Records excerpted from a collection
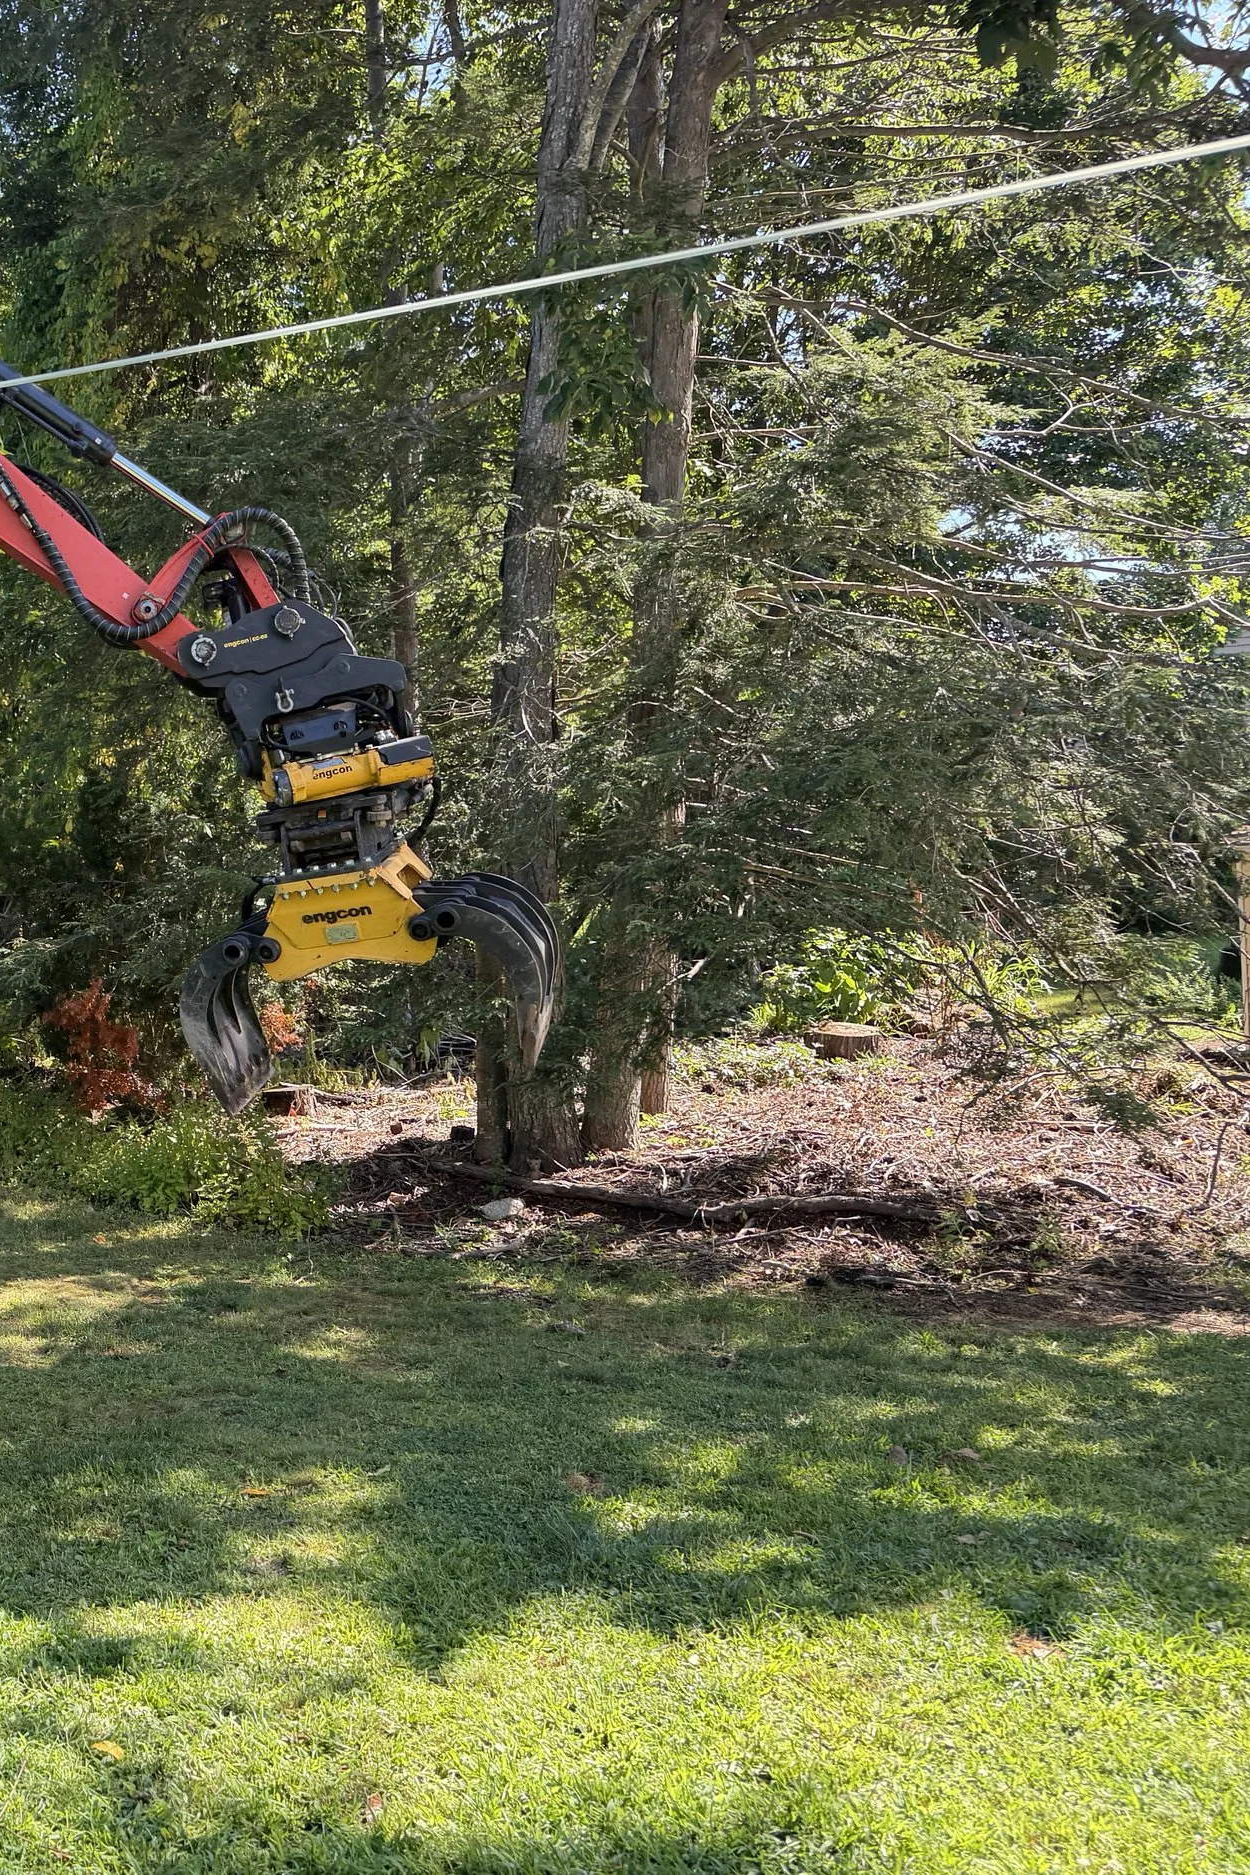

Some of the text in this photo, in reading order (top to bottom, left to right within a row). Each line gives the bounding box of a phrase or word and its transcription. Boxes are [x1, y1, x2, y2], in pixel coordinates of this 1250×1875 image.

[223, 638, 249, 648] engcon
[313, 765, 353, 780] engcon
[301, 904, 373, 925] engcon
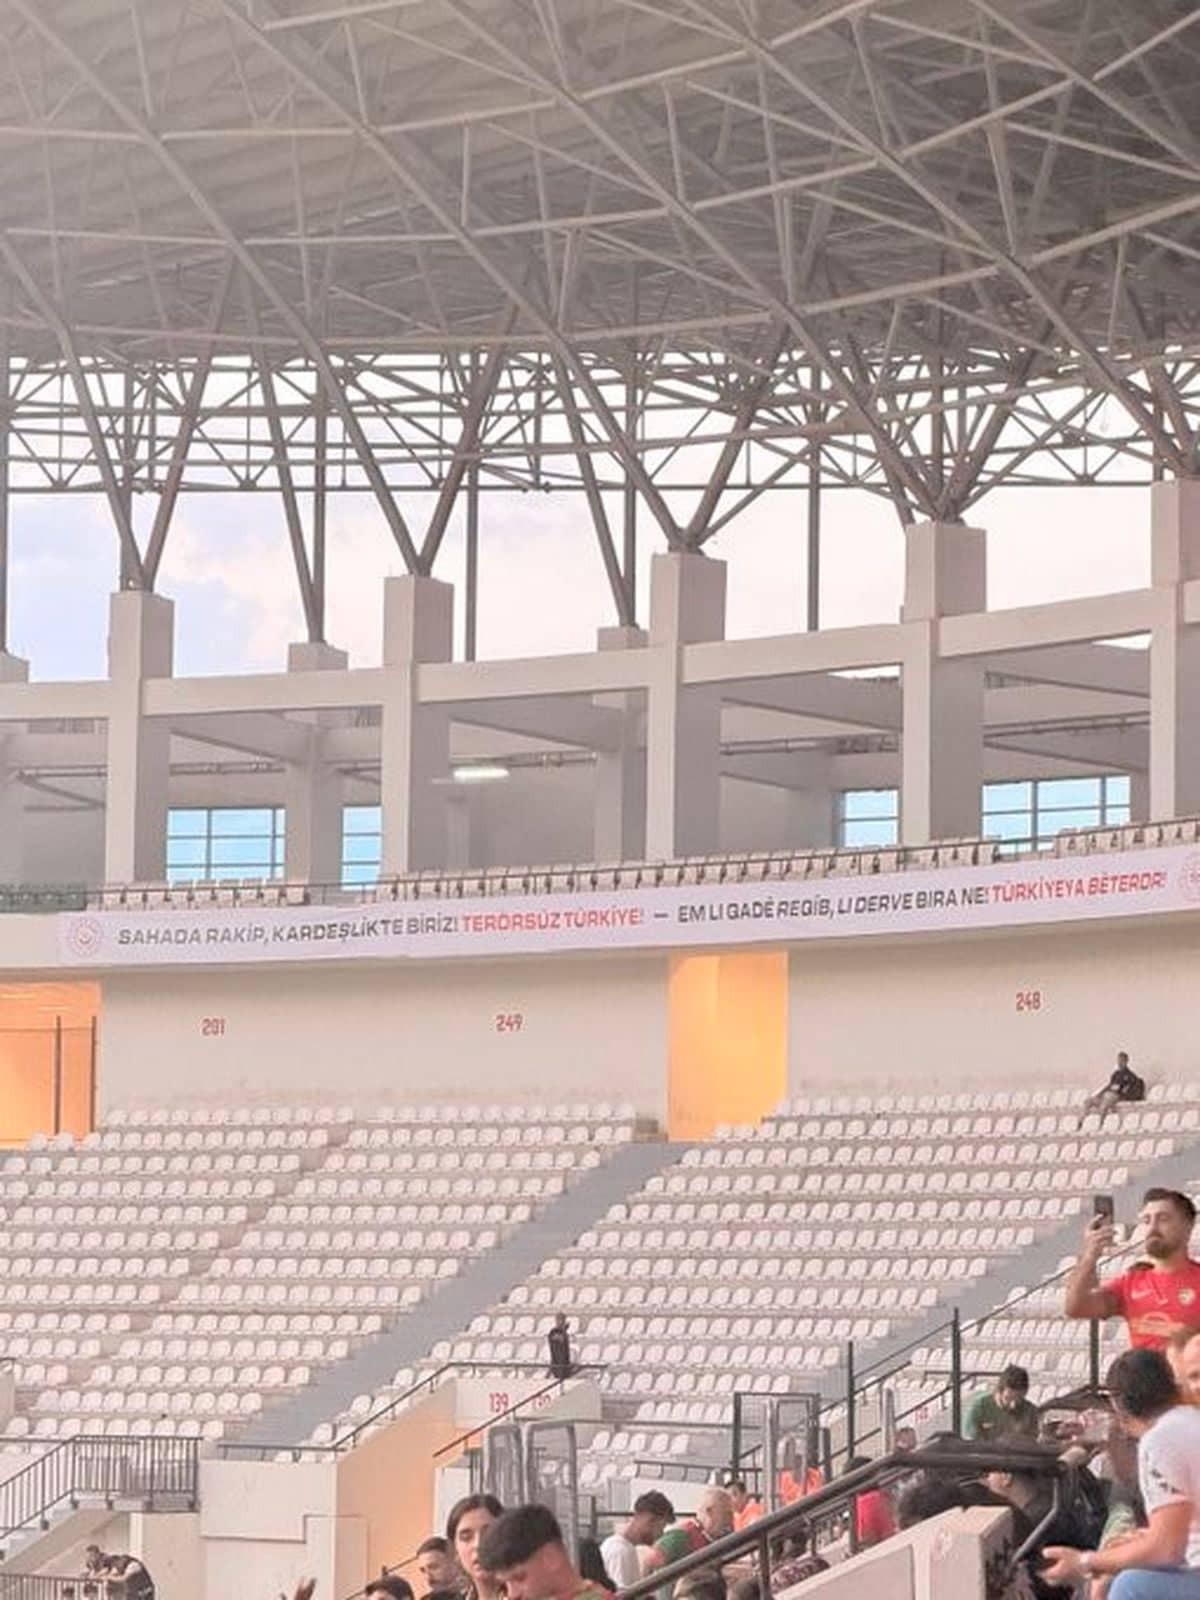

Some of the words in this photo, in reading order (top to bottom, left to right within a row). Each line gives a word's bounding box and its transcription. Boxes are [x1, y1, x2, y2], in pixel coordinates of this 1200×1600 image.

[119, 928, 201, 946] SAHADA
[206, 923, 270, 945] RAKİP,
[273, 914, 403, 943] KARDEŞLİKTE
[407, 911, 458, 934] BİRİZ!
[678, 904, 706, 922] EM
[709, 902, 723, 921] LI
[838, 897, 852, 914] LI
[854, 891, 913, 914] DERVE
[915, 889, 958, 909] BIRA
[1016, 991, 1041, 1011] 248
[202, 1018, 225, 1036] 201
[496, 1013, 523, 1032] 249
[489, 1392, 509, 1413] 139
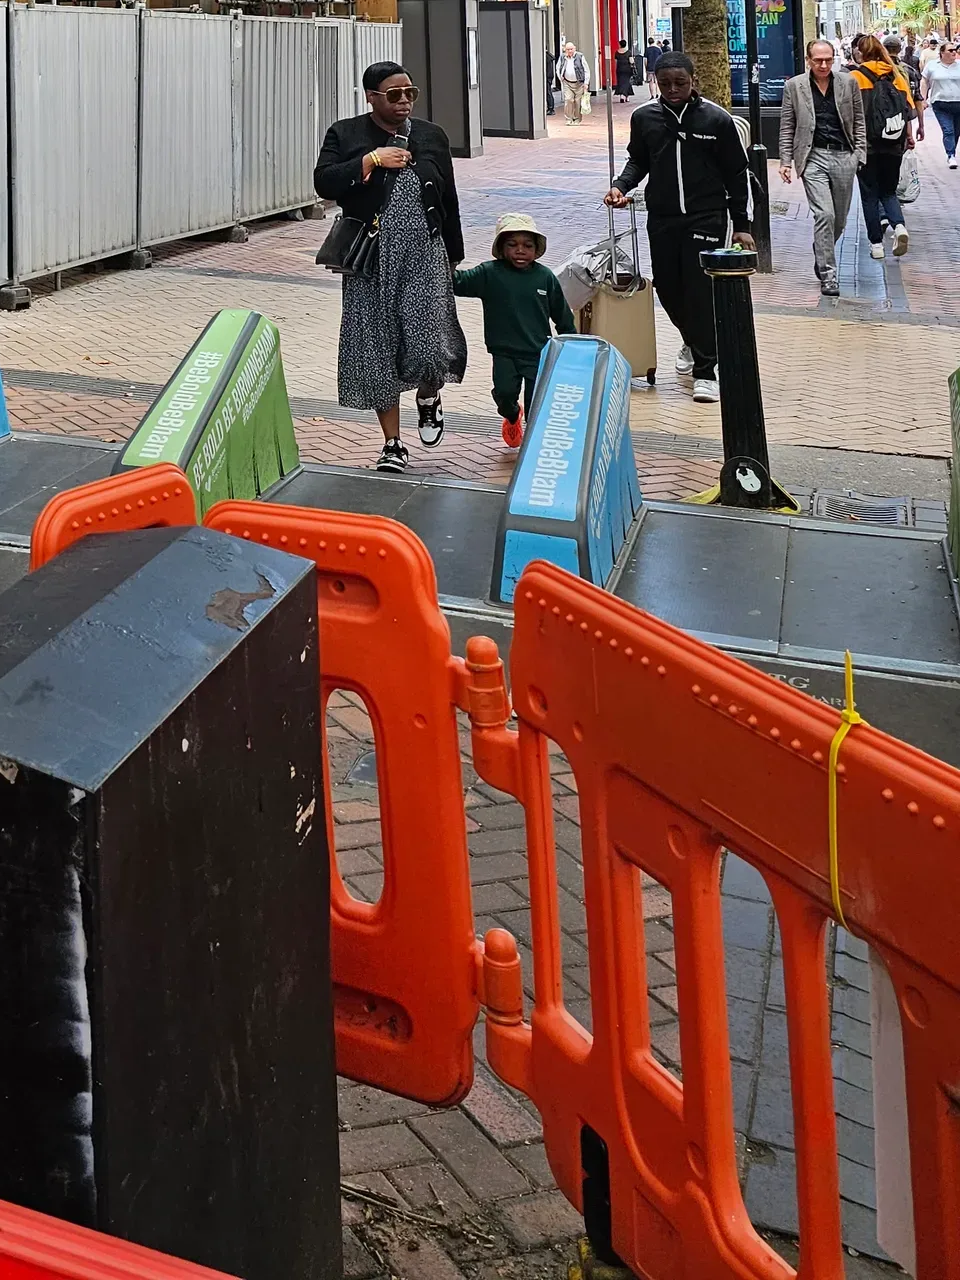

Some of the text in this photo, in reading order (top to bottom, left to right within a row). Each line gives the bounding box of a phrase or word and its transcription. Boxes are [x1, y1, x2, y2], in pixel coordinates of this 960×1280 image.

[139, 351, 224, 460] #BeBoldBeBham
[192, 453, 206, 491] BE
[202, 418, 224, 470] BOLD
[221, 398, 236, 433] BE
[231, 323, 276, 414] BIRMINGHAM
[528, 383, 585, 508] #BeBoldBeBham
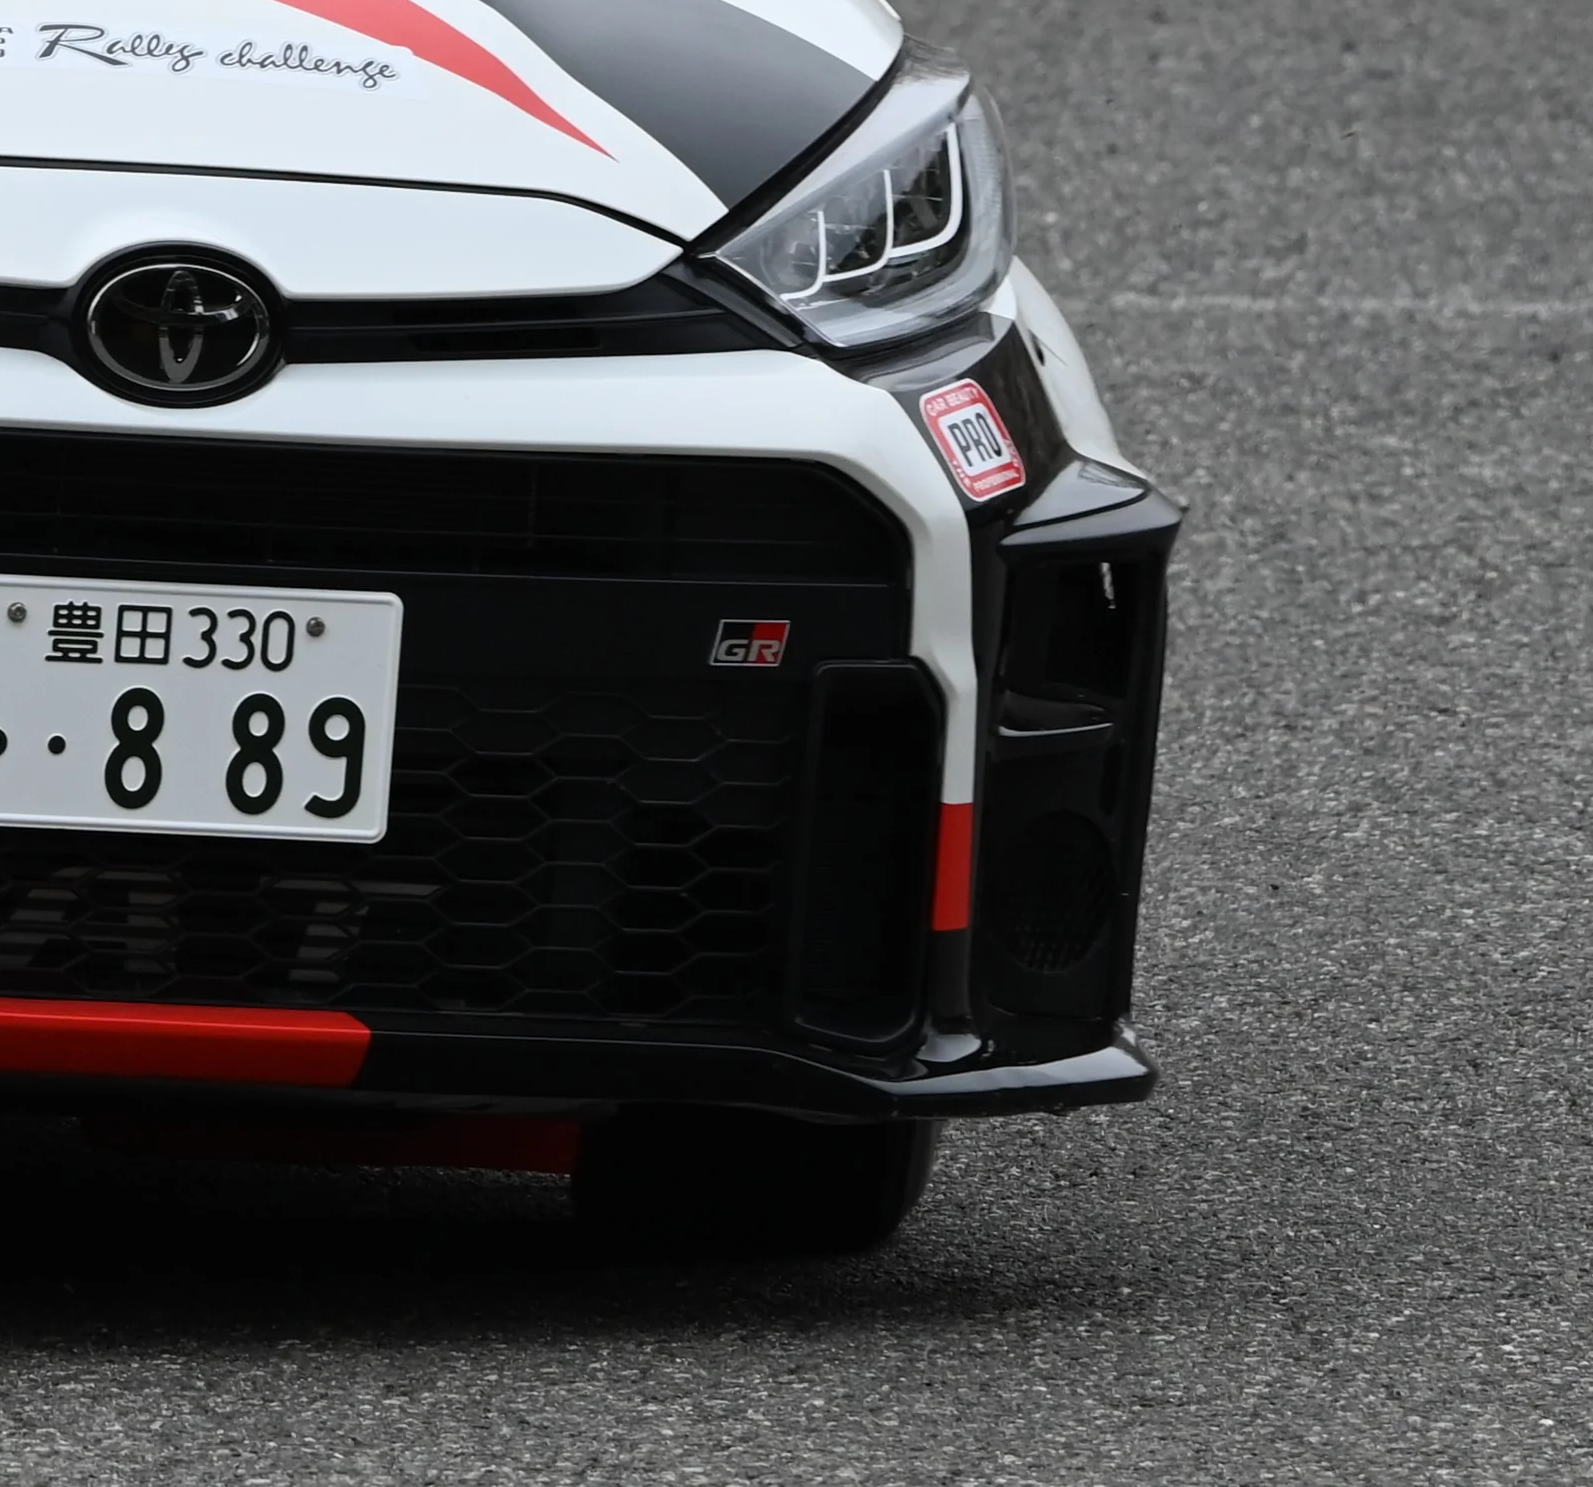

Problem description →
The reply must match the records exactly, apart from the pictures, which are left out.

Response box →
Some of the text in this photo, in reading order (top to bottom, left to right within a row). Each line gives the bounding box of a phrase or word and its transcription. Boxes are [x1, y1, x2, y2], in pixel coordinates of this 1250×1875 image.

[223, 638, 249, 648] engcon
[313, 765, 353, 780] engcon
[301, 904, 373, 925] engcon

Some of the words in this photo, in reading order (top to bottom, left to right within a row). Each line gives a word's bounding box and its transcription. Boxes are [x1, y1, x2, y2], in pixel coordinates of this 1200×1600 image.

[119, 928, 201, 946] SAHADA
[206, 923, 270, 945] RAKİP,
[273, 914, 403, 943] KARDEŞLİKTE
[407, 911, 458, 934] BİRİZ!
[678, 904, 706, 922] EM
[709, 902, 723, 921] LI
[838, 897, 852, 914] LI
[854, 891, 913, 914] DERVE
[915, 889, 958, 909] BIRA
[1016, 991, 1041, 1011] 248
[202, 1018, 225, 1036] 201
[496, 1013, 523, 1032] 249
[489, 1392, 509, 1413] 139

Some of the text in this photo, in reading order (top to bottom, left to right within a row). Each line gives the bounding box of a phrase or word and its transcription. Boxes are [x1, y1, x2, y2], in pixel coordinates of this 960×1280 image.

[139, 351, 224, 460] #BeBoldBeBham
[192, 453, 206, 491] BE
[202, 418, 224, 470] BOLD
[221, 398, 236, 433] BE
[231, 323, 276, 414] BIRMINGHAM
[528, 383, 585, 508] #BeBoldBeBham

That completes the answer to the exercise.